* _What is being asked_: Go through the entries below and print each one exactly, leaving out pictures.

(Free-text object descriptions)
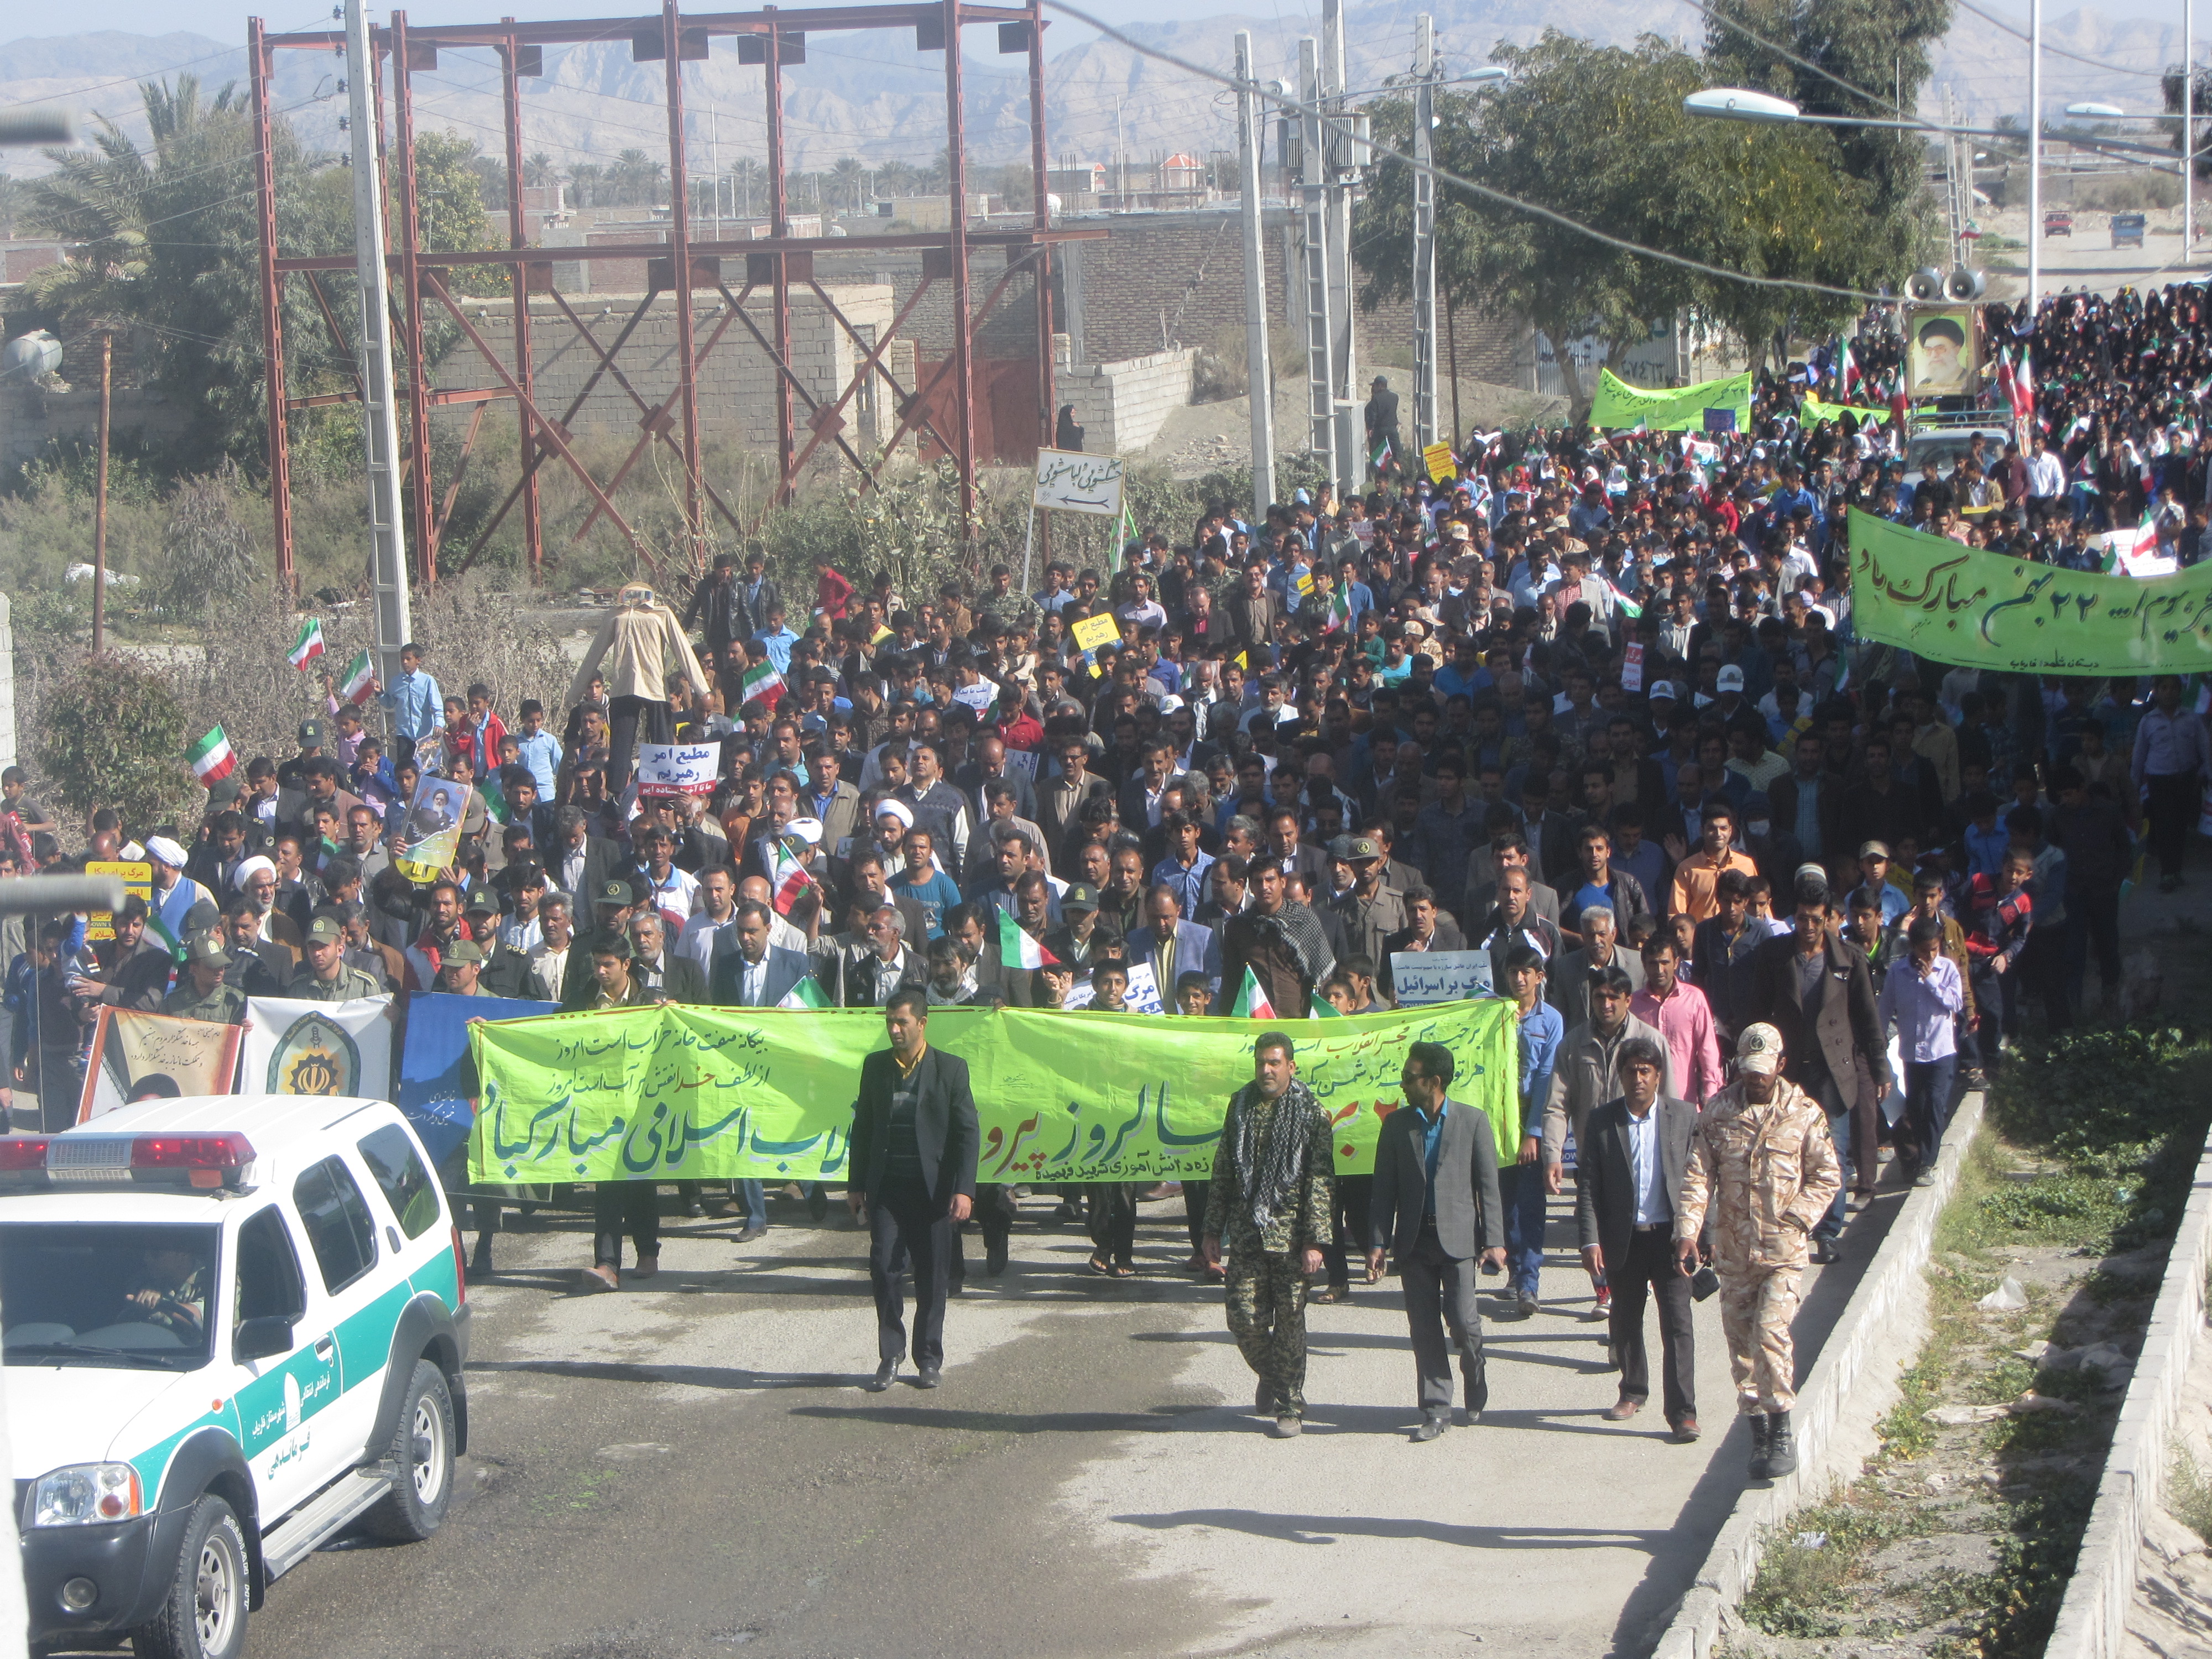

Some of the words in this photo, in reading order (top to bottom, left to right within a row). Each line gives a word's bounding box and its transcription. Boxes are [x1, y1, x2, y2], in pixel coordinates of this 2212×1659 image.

[1887, 554, 1987, 631] مبارک
[1981, 565, 2054, 647] بهمن
[2050, 591, 2098, 622] ۲۲
[1079, 622, 1088, 634] امر
[1090, 618, 1108, 631] مطیع
[1086, 632, 1108, 646] رهبریم
[651, 747, 674, 763] امر
[676, 747, 709, 765] مطیع
[658, 769, 700, 782] رهبریم
[643, 785, 654, 794] ایم
[128, 868, 144, 878] مرگ
[1125, 983, 1155, 1001] مرگ
[1397, 975, 1444, 995] اسرائیل
[1446, 980, 1458, 995] بر
[556, 1037, 584, 1061] امروز
[586, 1028, 627, 1056] است
[628, 1022, 672, 1054] خراب
[671, 1027, 697, 1049] خانه
[739, 1027, 768, 1055] بیگانه
[1327, 1031, 1382, 1059] انقلاب
[1374, 1020, 1410, 1056] فجر
[545, 1067, 577, 1096] امروز
[573, 1072, 604, 1093] است
[603, 1062, 640, 1098] آب
[645, 1063, 676, 1098] نقش
[673, 1065, 716, 1094] خدا
[714, 1061, 758, 1088] لطف
[751, 1065, 771, 1088] از
[633, 1077, 646, 1100] بر
[426, 1103, 444, 1124] دیگر
[437, 1105, 455, 1126] خمینی
[622, 1102, 750, 1173] اسلامی
[1035, 1161, 1075, 1181] فهمیده
[1076, 1161, 1108, 1180] شهید
[1107, 1149, 1150, 1179] آموزی
[1152, 1154, 1193, 1176] دانش
[268, 1425, 311, 1480] فرماندهی
[223, 1514, 249, 1575] ROADIAN

* _Output for this task_:
Some of the words in this photo, in reading order (top to bottom, left to right within a row). Each line gives a word's bounding box and its transcription. Boxes are [x1, y1, x2, y2], in pixel coordinates of this 2212×1659 image.

[1887, 554, 1987, 631] مبارک
[1981, 565, 2054, 647] بهمن
[2050, 591, 2098, 622] ۲۲
[1079, 622, 1088, 634] امر
[1090, 618, 1108, 631] مطیع
[1086, 632, 1108, 646] رهبریم
[651, 747, 674, 763] امر
[676, 747, 709, 765] مطیع
[658, 769, 700, 782] رهبریم
[643, 785, 654, 794] ایم
[128, 868, 144, 878] مرگ
[1125, 983, 1155, 1001] مرگ
[1397, 975, 1444, 995] اسرائیل
[1446, 980, 1458, 995] بر
[556, 1037, 584, 1061] امروز
[586, 1028, 627, 1056] است
[628, 1022, 672, 1054] خراب
[671, 1027, 697, 1049] خانه
[739, 1027, 768, 1055] بیگانه
[1327, 1031, 1382, 1059] انقلاب
[1374, 1020, 1410, 1056] فجر
[545, 1067, 577, 1096] امروز
[573, 1072, 604, 1093] است
[603, 1062, 640, 1098] آب
[645, 1063, 676, 1098] نقش
[673, 1065, 716, 1094] خدا
[714, 1061, 758, 1088] لطف
[751, 1065, 771, 1088] از
[633, 1077, 646, 1100] بر
[426, 1103, 444, 1124] دیگر
[437, 1105, 455, 1126] خمینی
[622, 1102, 750, 1173] اسلامی
[1035, 1161, 1075, 1181] فهمیده
[1076, 1161, 1108, 1180] شهید
[1107, 1149, 1150, 1179] آموزی
[1152, 1154, 1193, 1176] دانش
[268, 1425, 311, 1480] فرماندهی
[223, 1514, 249, 1575] ROADIAN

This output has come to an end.